Had Gadya/ The Only Kid: Facsimile of El Lissitsky's Edition of 1919, edited by Arnold J. Band, contains just what the title promises: the folksong "Had Gadya," which is traditionally sung at Ashkenazic seders, and the illustrated book that the Russian avant-garde artist El Lissitsky (1890-1941) made of it in 1919. Although the song is usually a hit with children, the book-packaged elegantly, accompanied by annotated thumbnail illustrations and a scholarly yet clear introduction about the Jewish cultural renaissance in Russia between 1912 and the early 1920s and its impact on Lissitsky-will probably be of most interest to admirers of Lissitsky's more mature work, who will be startled by the contrast in theme and style. Copyright 2004 Reed Business Information.

Children's Literature - Kathleen Karr

El Lissitzky (1890-1941) was a member of the avant-garde turned abstractionist painter.
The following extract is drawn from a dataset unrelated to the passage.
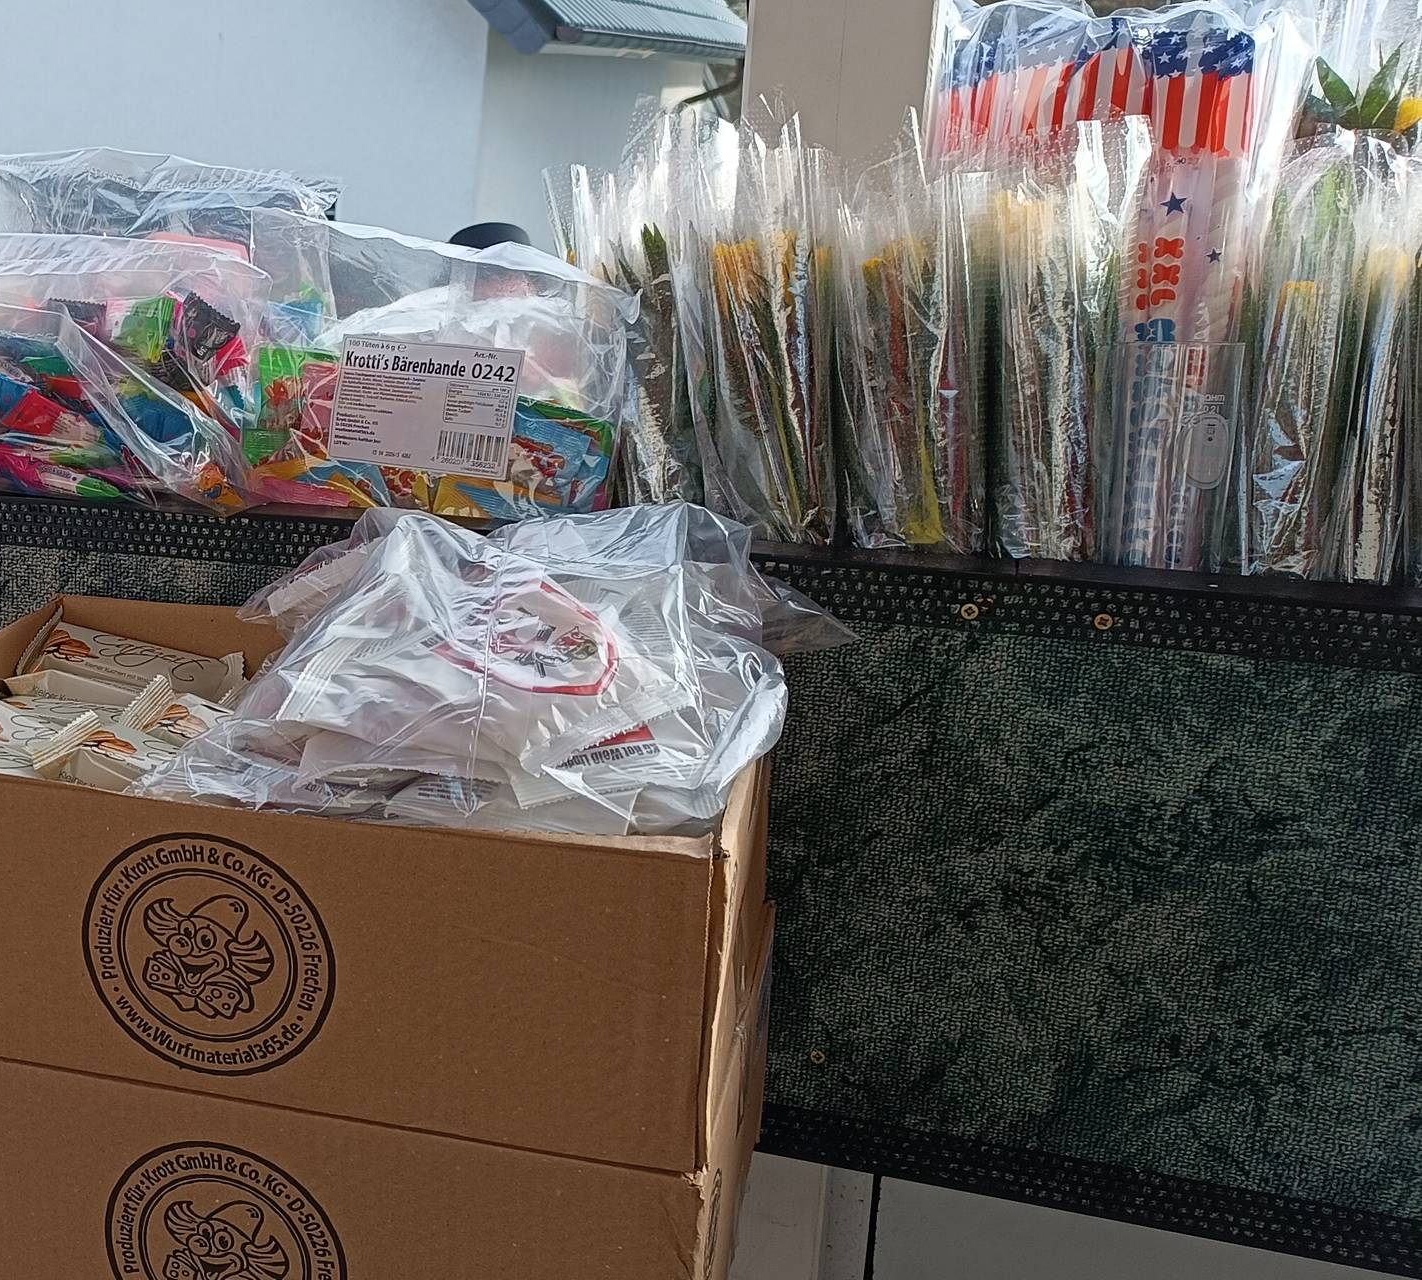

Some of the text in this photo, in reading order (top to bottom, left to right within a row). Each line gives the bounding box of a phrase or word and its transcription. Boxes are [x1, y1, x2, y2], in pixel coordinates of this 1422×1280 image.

Before all that, he was raised in the Russian Pale of Settlement and studied art with Marc Chagall. During the heady days of modest freedom for the Jewish communities following the Russian Revolution, Lissitzky joined a burgeoning movement to reclaim Jewish folklore. The result was his Had Gadya, an illustrated retelling of the Passover song in Yiddish. The Getty's facsimile of the 1919 edition includes the original wraparound cover as well as the complete set of lithographs. It also includes Perloff's enlightening introduction to Lissitzky and the period, a translation of the lyrics, a vocabulary chart, and the lyrics set to music. Part of the Getty's "ReSources" program which makes available primary materials in its archives, this slim but beautifully produced volume is an eye-opener on many levels. It is an introduction to Lissitsky's art, but the freedom of his flying creatures also casts new light on the Yiddish folklore that produced Chagall. The ancient story recounted (of the cat who eats the kid, who's gobbled by the dog, etc.) is surely the ultimate forebear of modern classics like Simms Taback's There Was an Old Lady Who Swallowed a Fly. This is for art students and storytellers and anyone interested in Yiddish literature. 2004 (orig. 1919), Getty Research Institute, Ages 12 up.